- README
- Step 1: Develop the R Workflow
- Step 2: Define Dependencies
- Step 3: Create the Python Runner
- Step 4: Local Validation and Testing
- Step 5: Create the pyproject.toml file
- Step 6: # Building and Pushing to ECR
- Installation on the platform (handled by Mass Dynamics)
This repository provides instructions and an example for setting up a new custom R workflow integrated into the Mass Dynamics ecosystem.
The example in this repository demonstrates how to create a workflow that modifies an input intensity dataset and returns a new transformed intensity dataset.
Create an R workflow as either a package or a standalone function. Include:
- a main function that executes the workflow.
- an optional runner script in a separate file (e.g.

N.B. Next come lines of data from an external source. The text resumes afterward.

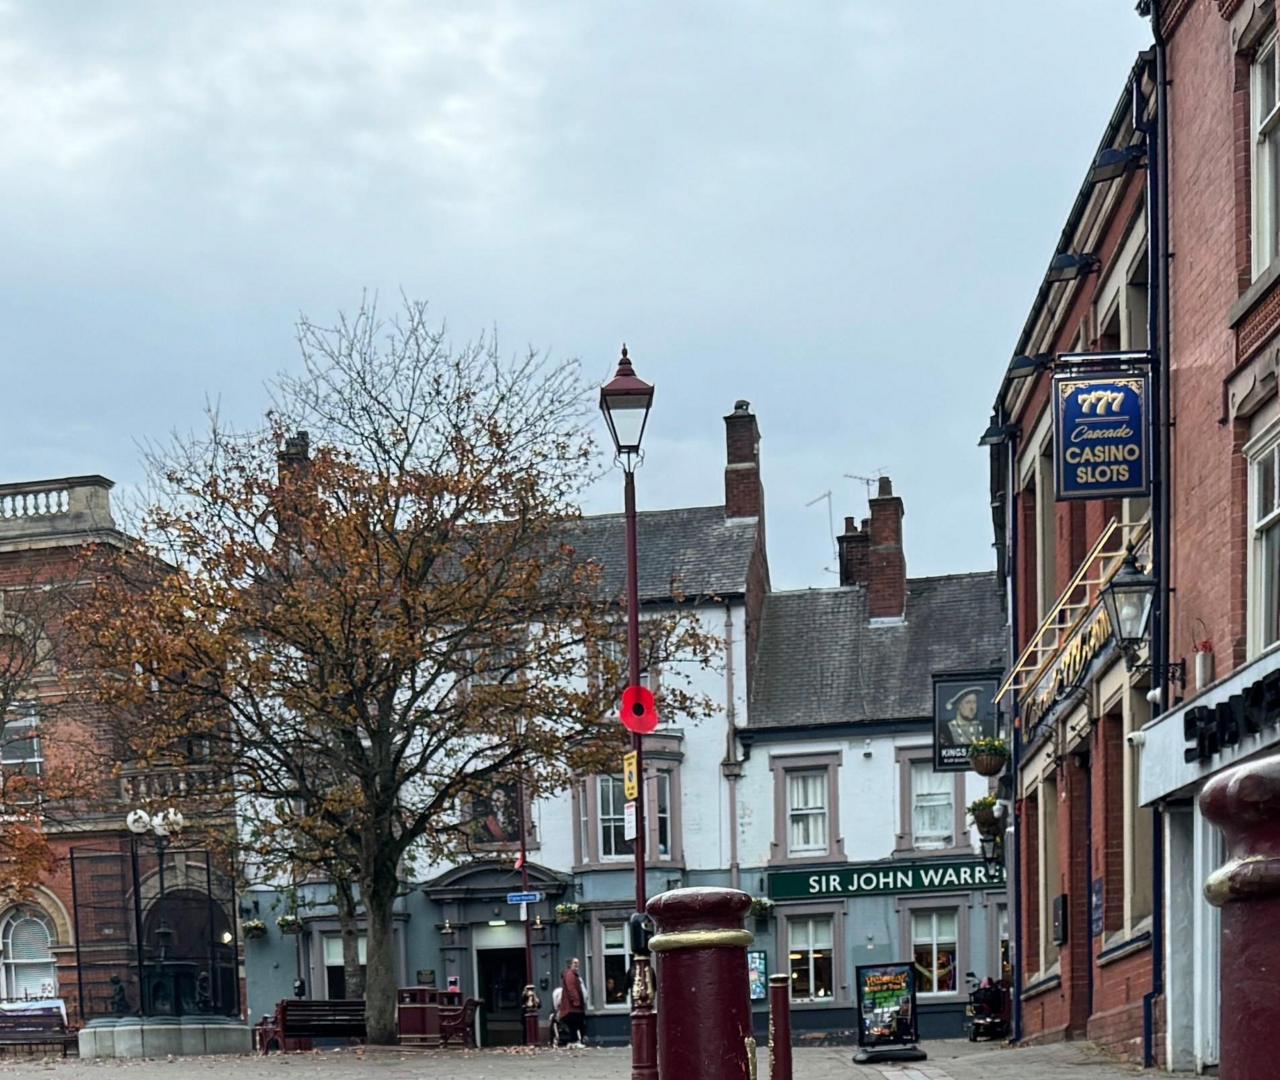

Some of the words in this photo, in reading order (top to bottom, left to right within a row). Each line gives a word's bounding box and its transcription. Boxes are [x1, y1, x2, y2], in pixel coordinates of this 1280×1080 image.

[1077, 390, 1126, 416] 777
[1070, 423, 1134, 443] Cascade
[1065, 443, 1141, 464] CASINO
[1076, 464, 1130, 484] SLOTS
[941, 747, 967, 758] KINGS
[808, 873, 842, 894] SIR
[847, 869, 913, 892] JOHN
[919, 865, 1008, 887] WARR
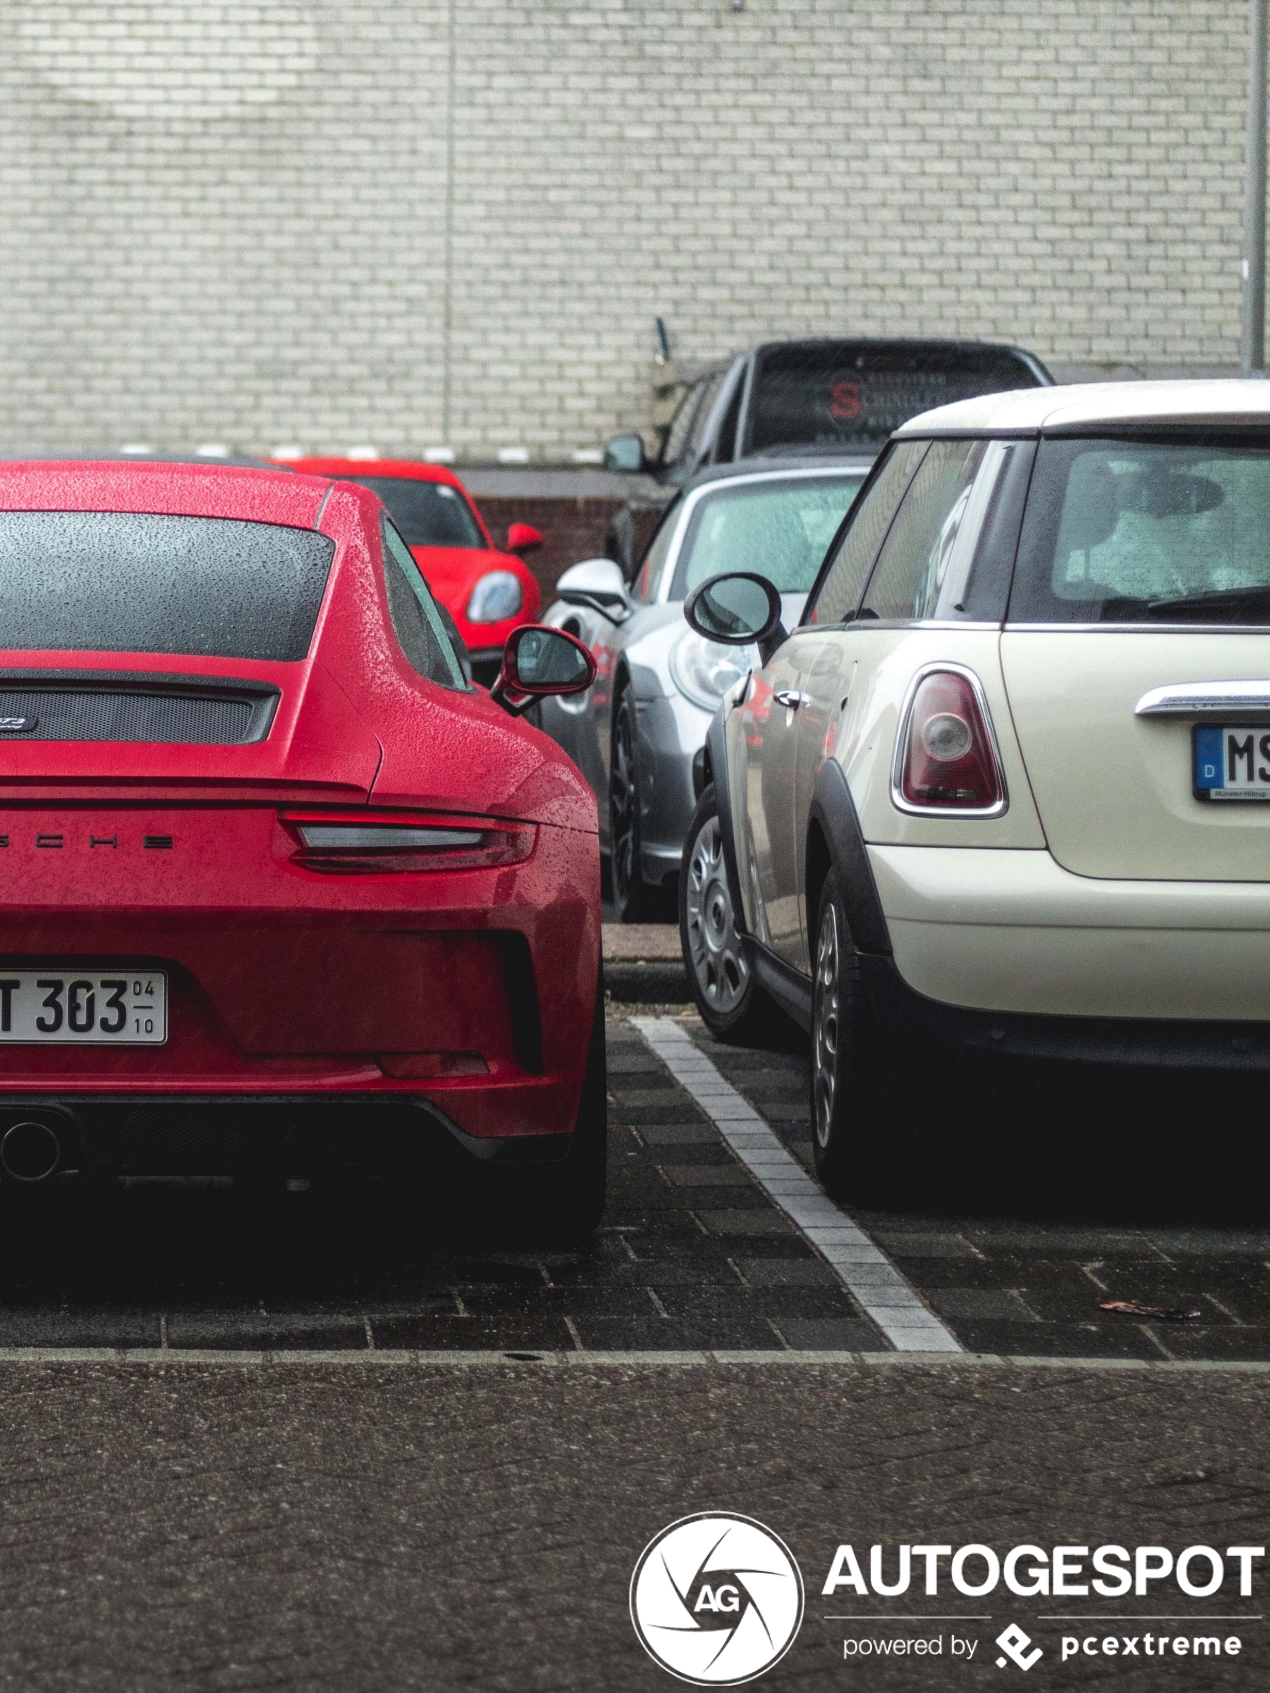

process.R) - required for R packages.
Structure it as follows:
- If using an R package: the runner script loads the package and calls the main workflow function. See an example runner here: https://github.com/MassDynamics/MDCustomR/blob/updates-wip/src/md_custom_r/process.R
- If using a script: the runner can be the same as the main workflow function, so no separate file is required.
If building an R package, include a DESCRIPTION with version constraints for dependencies.
The example in this repository is implemented as an R package, with the workflow located at ./R/transformIntensities.R. This package depends on the limma and tidyr R packages.
When to use an R package vs an R script
Use an R package when your workflow has many functions, you want versioning and explicit dependency management, need dev tools (testing, CI/CD), or plan to release it for others to install from GitHub.
Use an R script when the workflow is simple (few functions, one main runner), you're iterating quickly, or you don't need package tooling.
The main R function should accept an intensity table and a metadata table as inputs. Additional parameters of your choice can also be included. The input and output tables must adhere to the standard Mass Dynamics format for your chosen dataset type.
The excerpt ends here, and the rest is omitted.